- Exercise description: Every entry below needs to be printed again exactly, with its pictures left out.

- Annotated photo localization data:
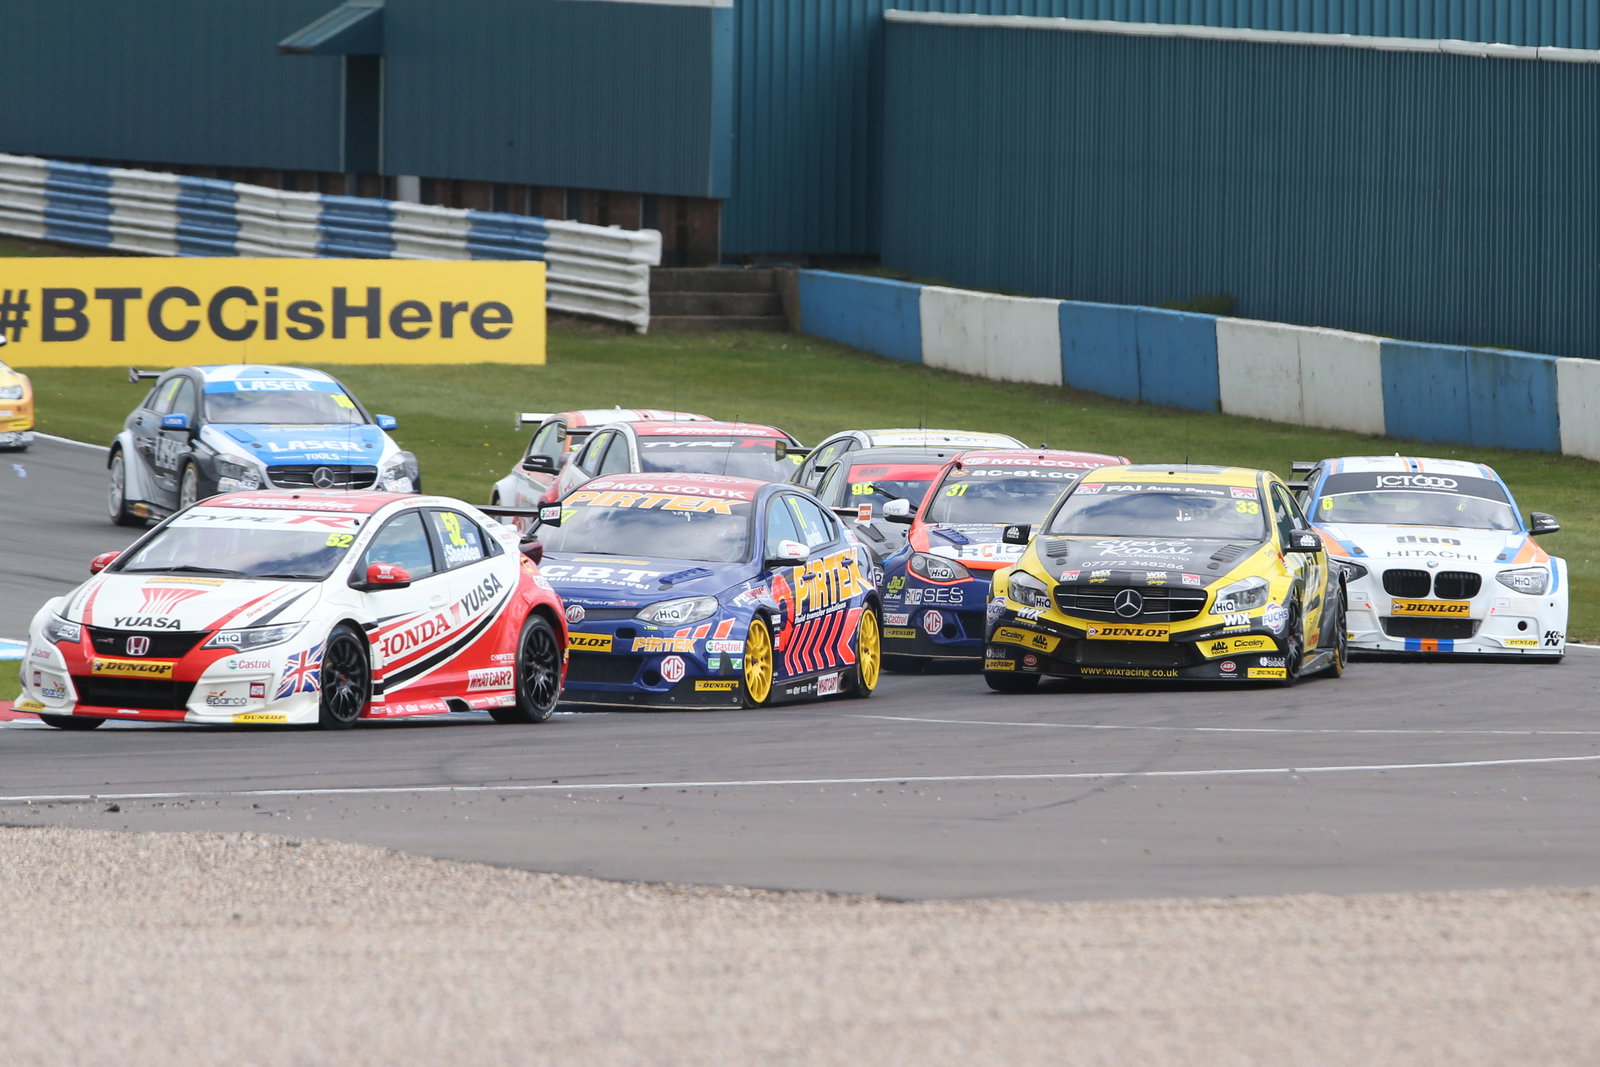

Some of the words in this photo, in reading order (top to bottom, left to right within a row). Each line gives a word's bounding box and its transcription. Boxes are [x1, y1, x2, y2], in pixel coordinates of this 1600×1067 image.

[0, 286, 513, 342] #BTCCisHere
[234, 380, 314, 391] LASER
[267, 440, 367, 453] LASER
[1376, 475, 1458, 489] JCT600
[612, 483, 747, 499] MG.CO.UK
[946, 484, 968, 497] 31
[1106, 485, 1142, 493] FAI
[1185, 487, 1225, 495] Parts
[560, 490, 752, 515] PIRTEK
[1235, 500, 1259, 515] 33
[1322, 497, 1334, 511] 6
[326, 533, 353, 548] 52
[1386, 550, 1478, 561] HITACHI
[1082, 560, 1127, 568] 07772
[540, 565, 663, 583] CBT
[602, 578, 651, 590] Travel
[793, 547, 874, 617] PIRTEK
[461, 573, 503, 617] YUASA
[924, 587, 964, 603] SES
[826, 602, 847, 614] solutions
[1216, 602, 1234, 612] HiQ
[1405, 603, 1470, 614] DUNLOP
[659, 610, 681, 620] HiQ
[1017, 607, 1045, 621] WIX
[1223, 612, 1251, 626] WIX
[1264, 610, 1289, 624] FUCHS
[113, 617, 182, 630] YUASA
[924, 611, 942, 633] MG
[217, 634, 240, 643] HiQ
[1099, 627, 1169, 638] DUNLOP
[567, 637, 612, 647] NLOP
[631, 637, 699, 653] PIRTEK
[714, 640, 742, 652] Castrol
[105, 662, 172, 674] DUNLOP
[238, 660, 272, 669] Castrol
[662, 656, 685, 682] MG
[206, 697, 248, 708] sparco

- Problem solution:
Some of the words in this photo, in reading order (top to bottom, left to right within a row). Each line gives a word's bounding box and its transcription. Boxes are [x1, y1, x2, y2], in pixel coordinates of this 1600×1067 image.

[0, 286, 513, 342] #BTCCisHere
[234, 380, 314, 391] LASER
[267, 440, 367, 453] LASER
[1376, 475, 1458, 489] JCT600
[612, 483, 747, 499] MG.CO.UK
[946, 484, 968, 497] 31
[1106, 485, 1142, 493] FAI
[1185, 487, 1225, 495] Parts
[560, 490, 752, 515] PIRTEK
[1235, 500, 1259, 515] 33
[1322, 497, 1334, 511] 6
[326, 533, 353, 548] 52
[1386, 550, 1478, 561] HITACHI
[1082, 560, 1127, 568] 07772
[540, 565, 663, 583] CBT
[602, 578, 651, 590] Travel
[793, 547, 874, 617] PIRTEK
[461, 573, 503, 617] YUASA
[924, 587, 964, 603] SES
[826, 602, 847, 614] solutions
[1216, 602, 1234, 612] HiQ
[1405, 603, 1470, 614] DUNLOP
[659, 610, 681, 620] HiQ
[1017, 607, 1045, 621] WIX
[1223, 612, 1251, 626] WIX
[1264, 610, 1289, 624] FUCHS
[113, 617, 182, 630] YUASA
[924, 611, 942, 633] MG
[217, 634, 240, 643] HiQ
[1099, 627, 1169, 638] DUNLOP
[567, 637, 612, 647] NLOP
[631, 637, 699, 653] PIRTEK
[714, 640, 742, 652] Castrol
[105, 662, 172, 674] DUNLOP
[238, 660, 272, 669] Castrol
[662, 656, 685, 682] MG
[206, 697, 248, 708] sparco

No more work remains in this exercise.